ACTION ITEM
Word for word, restate each entry in the listing below.

GIVEN RECORDS

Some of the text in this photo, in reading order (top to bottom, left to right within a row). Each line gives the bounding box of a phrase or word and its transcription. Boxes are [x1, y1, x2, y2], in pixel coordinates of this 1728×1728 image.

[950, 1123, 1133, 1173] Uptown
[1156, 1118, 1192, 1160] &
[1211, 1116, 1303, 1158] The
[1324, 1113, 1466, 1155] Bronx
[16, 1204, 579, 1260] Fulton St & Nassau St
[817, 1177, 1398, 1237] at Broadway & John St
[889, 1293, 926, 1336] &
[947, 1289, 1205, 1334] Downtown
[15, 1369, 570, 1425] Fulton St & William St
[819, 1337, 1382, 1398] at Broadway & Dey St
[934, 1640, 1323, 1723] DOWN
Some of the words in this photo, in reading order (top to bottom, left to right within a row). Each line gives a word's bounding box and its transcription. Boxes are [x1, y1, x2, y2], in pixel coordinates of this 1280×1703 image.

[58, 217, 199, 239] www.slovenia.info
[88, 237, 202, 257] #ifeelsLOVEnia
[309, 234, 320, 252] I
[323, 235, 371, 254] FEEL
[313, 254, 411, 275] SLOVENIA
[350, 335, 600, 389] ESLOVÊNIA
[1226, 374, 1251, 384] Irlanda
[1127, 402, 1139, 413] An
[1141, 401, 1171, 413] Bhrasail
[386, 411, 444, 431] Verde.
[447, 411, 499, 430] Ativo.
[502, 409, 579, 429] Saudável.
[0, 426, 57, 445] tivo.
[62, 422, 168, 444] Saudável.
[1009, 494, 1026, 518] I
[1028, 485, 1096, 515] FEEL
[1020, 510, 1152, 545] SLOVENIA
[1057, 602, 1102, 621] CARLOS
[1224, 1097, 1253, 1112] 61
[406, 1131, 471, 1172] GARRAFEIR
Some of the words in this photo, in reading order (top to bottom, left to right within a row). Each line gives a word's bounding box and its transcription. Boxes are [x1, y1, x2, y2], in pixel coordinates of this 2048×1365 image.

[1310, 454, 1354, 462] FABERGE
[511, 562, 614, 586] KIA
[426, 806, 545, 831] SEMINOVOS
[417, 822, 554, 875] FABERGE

OUTPUT FOR THIS TASK
Some of the text in this photo, in reading order (top to bottom, left to right within a row). Each line gives the bounding box of a phrase or word and its transcription. Boxes are [x1, y1, x2, y2], in pixel coordinates of this 1728×1728 image.

[950, 1123, 1133, 1173] Uptown
[1156, 1118, 1192, 1160] &
[1211, 1116, 1303, 1158] The
[1324, 1113, 1466, 1155] Bronx
[16, 1204, 579, 1260] Fulton St & Nassau St
[817, 1177, 1398, 1237] at Broadway & John St
[889, 1293, 926, 1336] &
[947, 1289, 1205, 1334] Downtown
[15, 1369, 570, 1425] Fulton St & William St
[819, 1337, 1382, 1398] at Broadway & Dey St
[934, 1640, 1323, 1723] DOWN
Some of the words in this photo, in reading order (top to bottom, left to right within a row). Each line gives a word's bounding box and its transcription. Boxes are [x1, y1, x2, y2], in pixel coordinates of this 1280×1703 image.

[58, 217, 199, 239] www.slovenia.info
[88, 237, 202, 257] #ifeelsLOVEnia
[309, 234, 320, 252] I
[323, 235, 371, 254] FEEL
[313, 254, 411, 275] SLOVENIA
[350, 335, 600, 389] ESLOVÊNIA
[1226, 374, 1251, 384] Irlanda
[1127, 402, 1139, 413] An
[1141, 401, 1171, 413] Bhrasail
[386, 411, 444, 431] Verde.
[447, 411, 499, 430] Ativo.
[502, 409, 579, 429] Saudável.
[0, 426, 57, 445] tivo.
[62, 422, 168, 444] Saudável.
[1009, 494, 1026, 518] I
[1028, 485, 1096, 515] FEEL
[1020, 510, 1152, 545] SLOVENIA
[1057, 602, 1102, 621] CARLOS
[1224, 1097, 1253, 1112] 61
[406, 1131, 471, 1172] GARRAFEIR
Some of the words in this photo, in reading order (top to bottom, left to right within a row). Each line gives a word's bounding box and its transcription. Boxes are [x1, y1, x2, y2], in pixel coordinates of this 2048×1365 image.

[1310, 454, 1354, 462] FABERGE
[511, 562, 614, 586] KIA
[426, 806, 545, 831] SEMINOVOS
[417, 822, 554, 875] FABERGE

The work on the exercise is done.